Ilan Ber also faces obstacles when she takes her child to the doctor for check-ups. There is not enough research, she says, for professionals to support the diet.
Homemade Israeli vegan food (Alona Lahav).
Homemade Israeli vegan food (Alona Lahav).
“Because there are no long-term studies on raising vegan children, health professionals generally give their private opinions on the matter that are rarely grounded in facts,” she says. “I accept that raising a vegan child (as well as being a vegan adult) is not completely based on peer-reviewed science, however I don’t see doctors reprimanding parents that give their kids cereal for breakfast or any other form of the accepted conventional nutrition which puts them on the fast track to childhood obesity and diabetes.”
But in the last five years with the increased popularity of veganism in Israel, more medical professionals are recognizing the health benefits of a plant-based diet. It has gained popularity in Israel for several reasons.
“In a small country like Israel news spreads fast. Israelis use a lot of social media, maybe the most in the world, so it’s easy for us to spread the message,” says Omri Paz, the founder of Vegan Friendly, an activist organization working to make vegan food and education more accessible.
“And people here are comfortable to go up to strangers and tell them their opinions,” he jokes.
Ilan Ber also credits the Mediterranean diet for making the vegan diet so popular and accessible.
“Becoming vegan is not that extreme as in other countries where you have bacon and eggs for breakfast, here we have salad,” she says. “Our national foods are all vegan: hummus, tahina, falafel, it isn’t a far reach for Israelis to go vegan.”
Additionally, the prevalence of kashrut has led to the creation of a whole group of dairy and meat-free foods that were available long before veganism became popular. She also points to kosher standards for turning some religious people away from the meat industry.

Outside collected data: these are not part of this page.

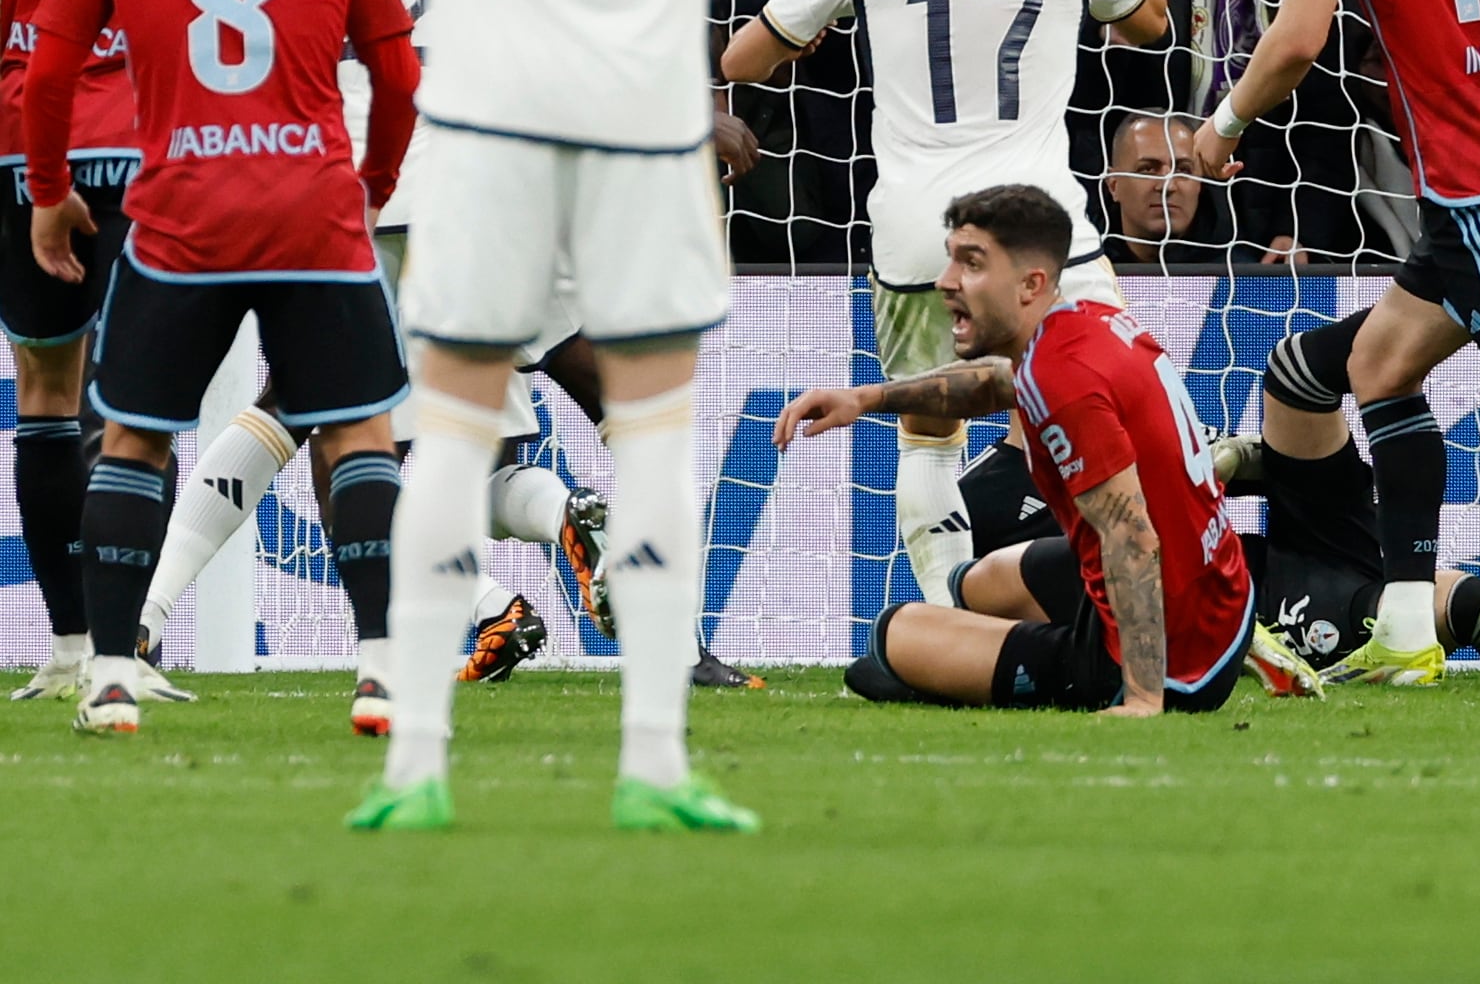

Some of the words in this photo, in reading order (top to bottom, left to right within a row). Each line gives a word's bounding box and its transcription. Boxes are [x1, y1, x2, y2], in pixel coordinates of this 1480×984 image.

[167, 123, 326, 159] ABANCA
[1153, 352, 1218, 498] 4
[337, 539, 391, 561] 2023
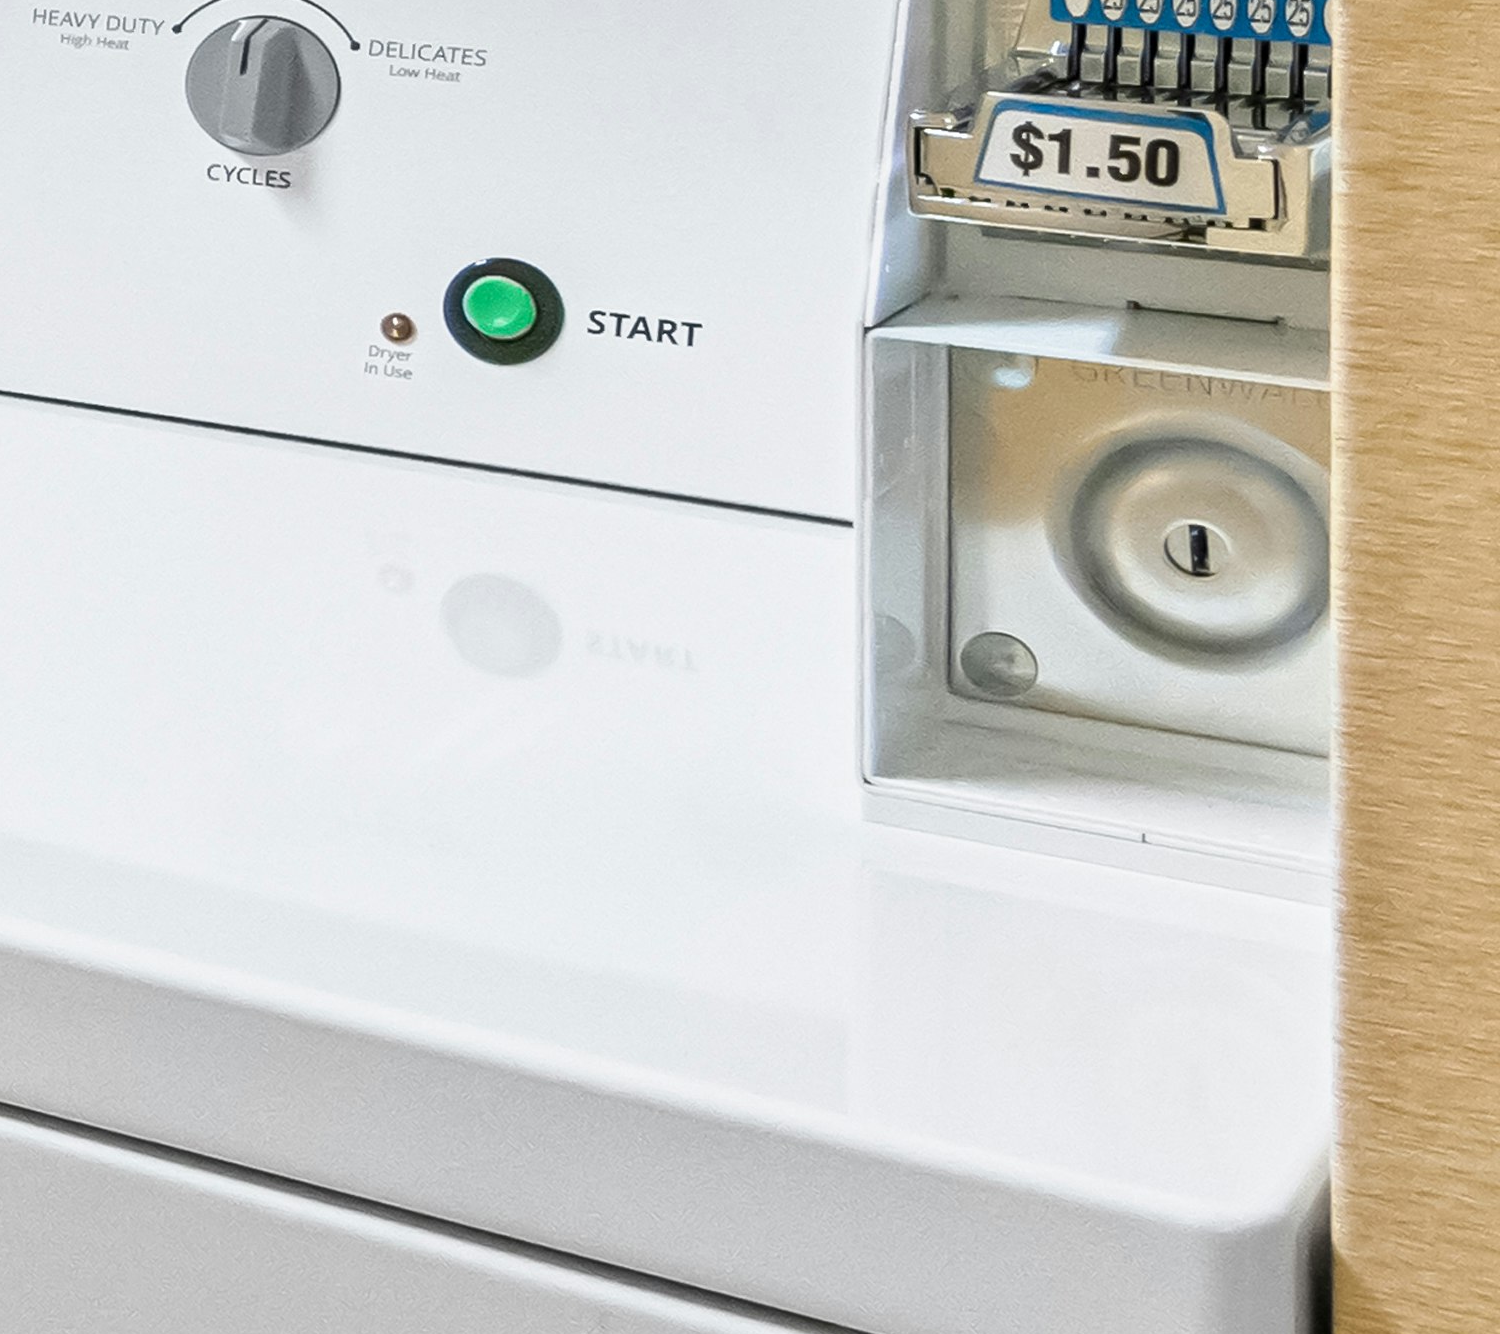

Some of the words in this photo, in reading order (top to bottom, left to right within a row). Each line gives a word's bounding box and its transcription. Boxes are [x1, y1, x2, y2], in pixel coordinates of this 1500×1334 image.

[33, 8, 101, 29] HEAVY
[106, 15, 165, 36] DUTY
[60, 33, 93, 49] High
[96, 37, 129, 51] Heat
[368, 39, 488, 67] DELICATES
[389, 64, 420, 78] Low
[425, 68, 461, 82] Heat
[1009, 121, 1180, 188] $1.50
[206, 163, 292, 190] CYCLES
[587, 310, 703, 347] START
[368, 344, 413, 364] Dryer
[364, 362, 379, 376] In
[384, 364, 414, 381] Use
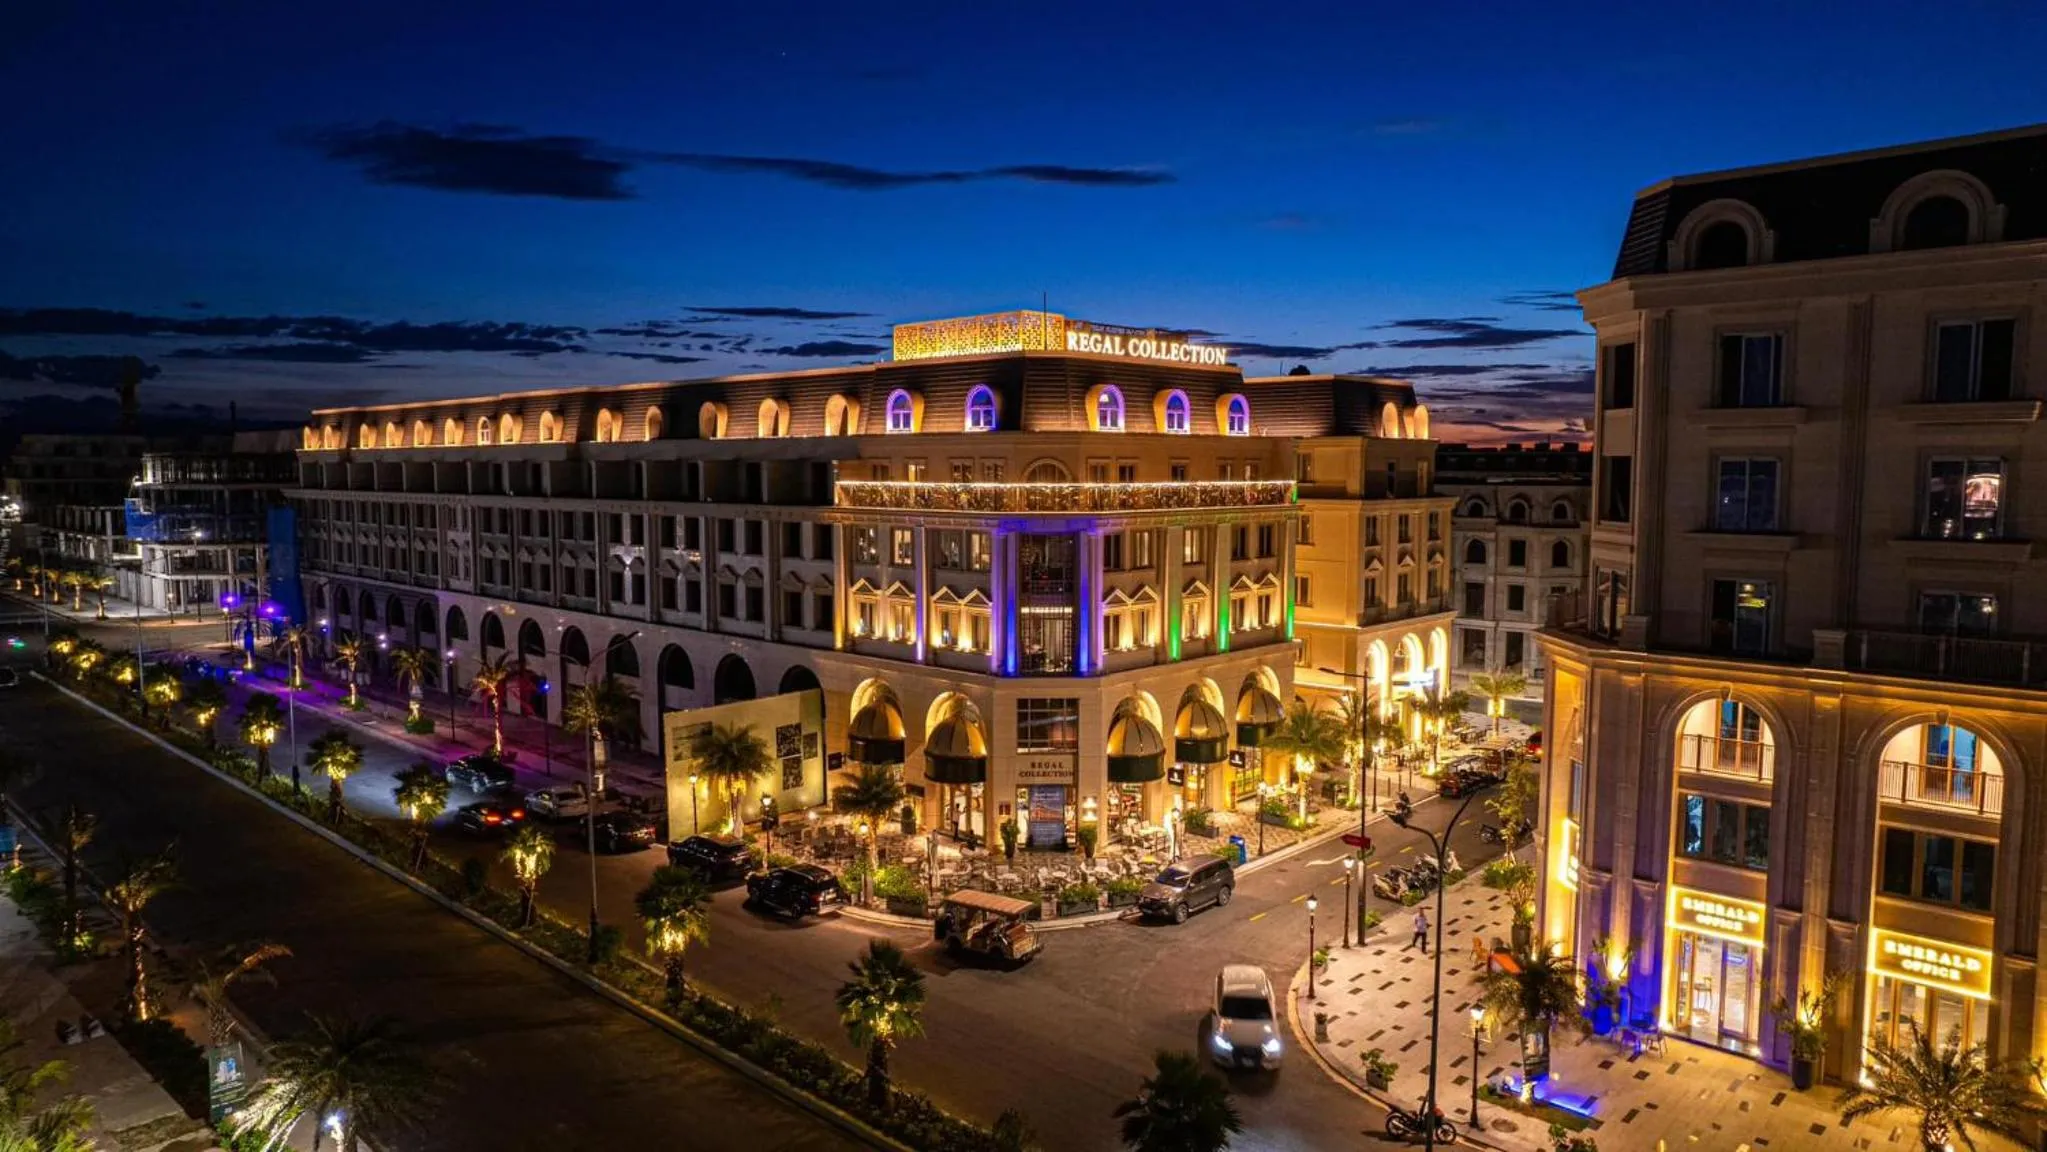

“None of the meat in Israel lives up to kosher standards,” she says. “The kosher meat industry has come into question in recent years and influential rabbis have been declaring themselves vegetarian due to Tsa’ar ba’alei chaim infringements.”
Tsa’ar ba’alei chaim is the commandment not to cause animals undue suffering, and may cause the next wave of people turning to vegetarianism or veganism. Ronen Bar, a leader in recent investigations into the kosher meat industry, dismisses the validity of kosher meat.
“This investigation was done in a few slaughterhouses over the course of two years.
It proved that the myth of humane kosher slaughter is a lie,” he writes by email. “Many people that talked to me were shocked after the investigation was released and told me that they stopped eating meat. Some are concerned that factory farming does not keep up with the Jewish tradition of compassion.
Even if technically the meat is kosher (though some doubt that also), the problem goes much deeper. The way animals are raised and killed goes against the very fundamentals of Judaism.”
Bar believes that the meat industry can never be humane and compares it to slavery, as does Simana, who hopes this is only the beginning of a vegan revolution that will change the way people see animals.
“They feel, they know, they love, they want. Many people are telling me: What can I do I’m just one person, I cannot change the world. But this is not true. Even slavery ended because a few people started talking about it.”